Attempts to minimize the standard deviation of node load. The node load is normalized per CPU core, so heterogeneous compute hosts can be compared.

Available options:

  • load_threshold

    The value in percent of the compute host load after which the host will be considered overloaded and attempts will be made to migrate instances from it. Defaults to 80.

  • min_improvement

    Minimal improvement of the optimization metric in percent. While making decisions, the scheduler attempts to predict the resulting load distribution to determine if moving resources is beneficial. If the total improvement after all necessary decisions is calculated to be less than min_improvement, no decisions will be executed.

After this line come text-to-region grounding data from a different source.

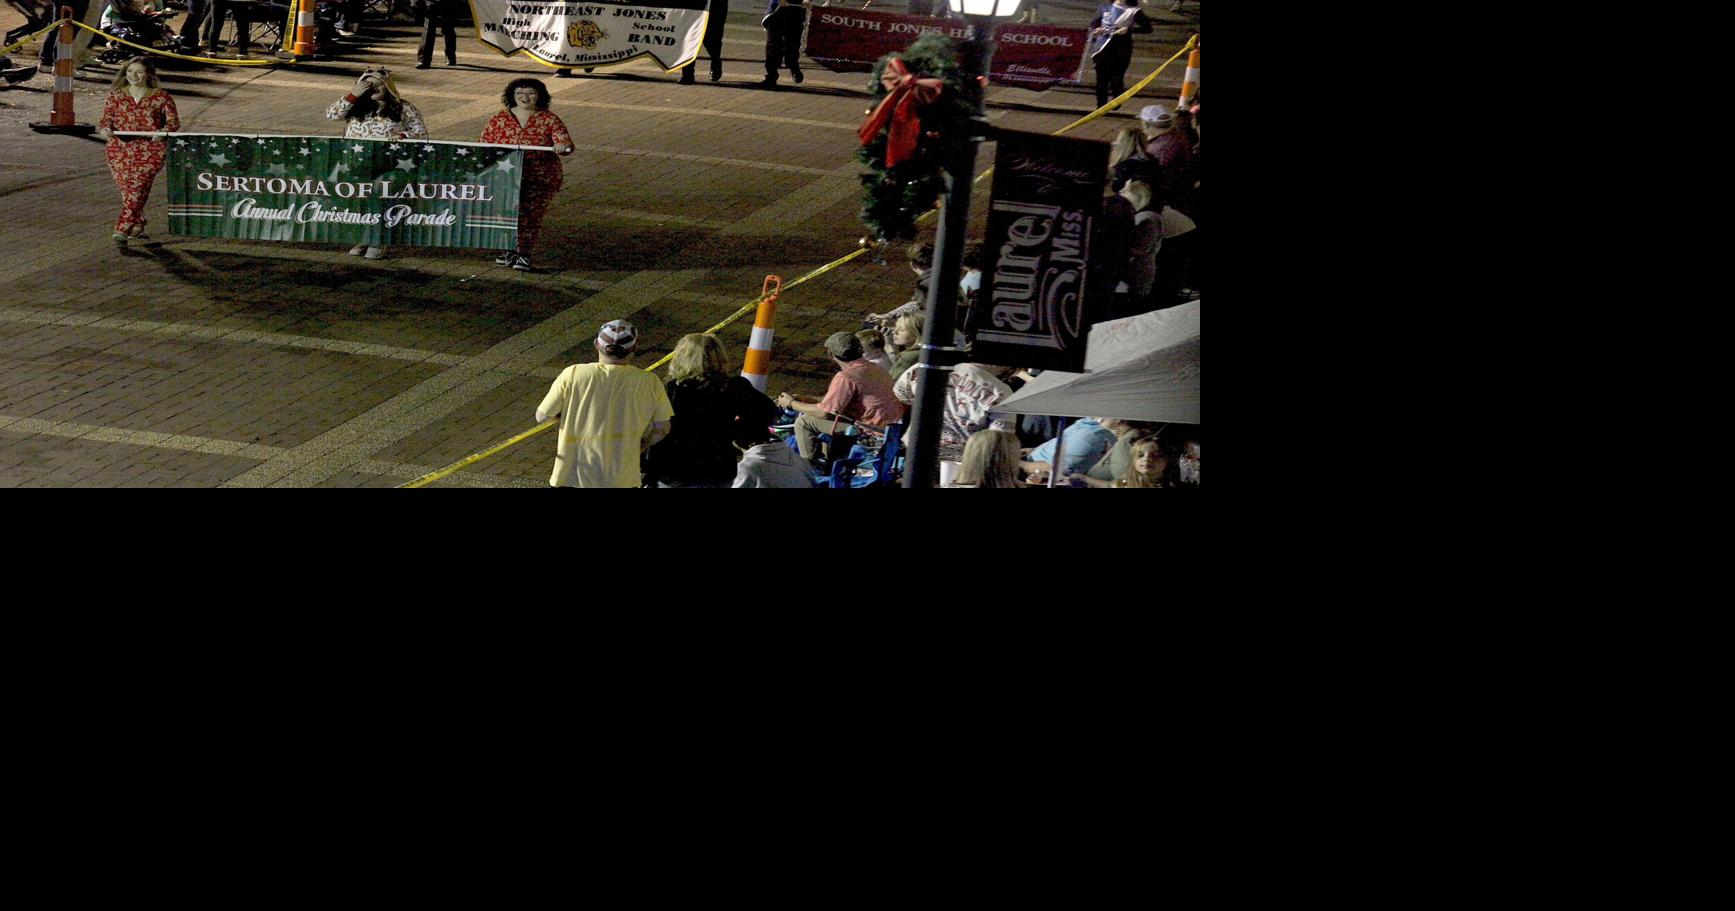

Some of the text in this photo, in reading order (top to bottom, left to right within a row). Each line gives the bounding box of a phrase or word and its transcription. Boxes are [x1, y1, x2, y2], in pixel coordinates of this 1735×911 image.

[502, 17, 676, 33] High School
[509, 4, 667, 20] NORTHEAST JONES
[484, 22, 676, 46] MARCHING BAND
[821, 14, 881, 31] SOUTH
[887, 23, 943, 35] JONES
[1001, 33, 1073, 48] SCHOOL
[532, 45, 638, 61] Laurel, Mississippi
[197, 172, 495, 202] SERTOMA OF LAUREL
[230, 198, 457, 228] Annual Christmas Parade
[975, 200, 1063, 351] Laurel

    Defaults to 0, any potential improvement is acted upon. Setting this to a higher value should allow avoiding instance migrations that provide negligible improvements.

Warning

The current version of this plugin takes into account only basic resource classes when making scheduling decisions. These include only RAM, disk, and vCPU count from the instance flavor. It does not take into account any other information including specific image or aggregate metadata, custom resource classes, PCI devices, NUMA, hugepages, and so on. Moving around instances that consume such resources will more likely fail as the current implementation of the scheduler plugin cannot reliably predict if such instances fit onto the selected target host.

Actuator plugins

os-live-migration

Live migrates instances to specific hosts. Assumes any migration is possible. Refer to the hosts and migrateAny options above to learn how to control which instances are migrated to which locations.

Available options:

  • max_parallel_migrations

    Defines the number of instances to migrate in parallel.

    Defaults to 10.

    This value applies to all decisions being processed, so it may involve instances from different hosts. Meanwhile, the nova-compute service may have its own limits on how many live migrations a given host can handle in parallel.

  • migration_polling_interval

    Defines the interval in seconds for checking the instance status while the latter is being migrated

    Defaults to 5.

  • migration_timeout

    Defines the interval in seconds after which an unfinished migration is considered failed.

    Defaults to 180.

noop

Only logs the decisions that were scheduled for execution. Useful for debugging and dry-runs.